§ Task directions
Repeat back the entries that follow, keeping every word as it is.

§ Information

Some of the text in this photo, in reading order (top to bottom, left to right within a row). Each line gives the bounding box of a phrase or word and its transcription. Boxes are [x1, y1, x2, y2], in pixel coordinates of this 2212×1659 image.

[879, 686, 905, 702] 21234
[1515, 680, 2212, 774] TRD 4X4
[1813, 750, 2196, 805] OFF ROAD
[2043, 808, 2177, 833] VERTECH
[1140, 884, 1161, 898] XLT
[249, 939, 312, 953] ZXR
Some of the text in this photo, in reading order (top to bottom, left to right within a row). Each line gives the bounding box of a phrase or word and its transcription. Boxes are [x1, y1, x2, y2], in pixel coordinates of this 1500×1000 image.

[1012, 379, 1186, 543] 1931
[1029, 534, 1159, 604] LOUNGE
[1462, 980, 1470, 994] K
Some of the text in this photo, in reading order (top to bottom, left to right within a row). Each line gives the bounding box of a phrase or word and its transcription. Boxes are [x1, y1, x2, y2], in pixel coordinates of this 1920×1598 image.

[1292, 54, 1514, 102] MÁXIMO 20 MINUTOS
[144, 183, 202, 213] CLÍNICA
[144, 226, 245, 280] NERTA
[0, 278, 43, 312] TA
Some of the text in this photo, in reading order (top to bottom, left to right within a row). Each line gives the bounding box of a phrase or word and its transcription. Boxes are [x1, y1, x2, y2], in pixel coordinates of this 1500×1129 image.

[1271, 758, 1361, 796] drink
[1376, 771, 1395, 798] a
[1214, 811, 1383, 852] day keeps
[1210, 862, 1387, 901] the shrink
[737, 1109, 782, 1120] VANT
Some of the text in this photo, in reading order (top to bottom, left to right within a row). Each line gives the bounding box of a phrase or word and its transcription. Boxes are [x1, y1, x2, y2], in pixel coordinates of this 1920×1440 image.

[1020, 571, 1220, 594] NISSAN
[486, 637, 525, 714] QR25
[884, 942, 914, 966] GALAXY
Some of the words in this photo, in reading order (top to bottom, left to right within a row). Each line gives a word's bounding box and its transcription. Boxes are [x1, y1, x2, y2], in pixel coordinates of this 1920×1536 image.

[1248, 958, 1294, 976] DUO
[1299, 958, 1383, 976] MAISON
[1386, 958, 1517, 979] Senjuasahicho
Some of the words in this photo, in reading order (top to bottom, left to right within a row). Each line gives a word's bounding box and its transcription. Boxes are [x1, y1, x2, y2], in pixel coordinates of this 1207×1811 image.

§ Written solution
Some of the text in this photo, in reading order (top to bottom, left to right within a row). Each line gives the bounding box of a phrase or word and its transcription. Boxes are [x1, y1, x2, y2], in pixel coordinates of this 2212×1659 image.

[879, 686, 905, 702] 21234
[1515, 680, 2212, 774] TRD 4X4
[1813, 750, 2196, 805] OFF ROAD
[2043, 808, 2177, 833] VERTECH
[1140, 884, 1161, 898] XLT
[249, 939, 312, 953] ZXR
Some of the text in this photo, in reading order (top to bottom, left to right within a row). Each line gives the bounding box of a phrase or word and its transcription. Boxes are [x1, y1, x2, y2], in pixel coordinates of this 1500×1000 image.

[1012, 379, 1186, 543] 1931
[1029, 534, 1159, 604] LOUNGE
[1462, 980, 1470, 994] K
Some of the text in this photo, in reading order (top to bottom, left to right within a row). Each line gives the bounding box of a phrase or word and its transcription. Boxes are [x1, y1, x2, y2], in pixel coordinates of this 1920×1598 image.

[1292, 54, 1514, 102] MÁXIMO 20 MINUTOS
[144, 183, 202, 213] CLÍNICA
[144, 226, 245, 280] NERTA
[0, 278, 43, 312] TA
Some of the text in this photo, in reading order (top to bottom, left to right within a row). Each line gives the bounding box of a phrase or word and its transcription. Boxes are [x1, y1, x2, y2], in pixel coordinates of this 1500×1129 image.

[1271, 758, 1361, 796] drink
[1376, 771, 1395, 798] a
[1214, 811, 1383, 852] day keeps
[1210, 862, 1387, 901] the shrink
[737, 1109, 782, 1120] VANT
Some of the text in this photo, in reading order (top to bottom, left to right within a row). Each line gives the bounding box of a phrase or word and its transcription. Boxes are [x1, y1, x2, y2], in pixel coordinates of this 1920×1440 image.

[1020, 571, 1220, 594] NISSAN
[486, 637, 525, 714] QR25
[884, 942, 914, 966] GALAXY
Some of the words in this photo, in reading order (top to bottom, left to right within a row). Each line gives a word's bounding box and its transcription. Boxes are [x1, y1, x2, y2], in pixel coordinates of this 1920×1536 image.

[1248, 958, 1294, 976] DUO
[1299, 958, 1383, 976] MAISON
[1386, 958, 1517, 979] Senjuasahicho
Some of the words in this photo, in reading order (top to bottom, left to right within a row). Each line gives a word's bounding box and its transcription. Boxes are [x1, y1, x2, y2], in pixel coordinates of this 1207×1811 image.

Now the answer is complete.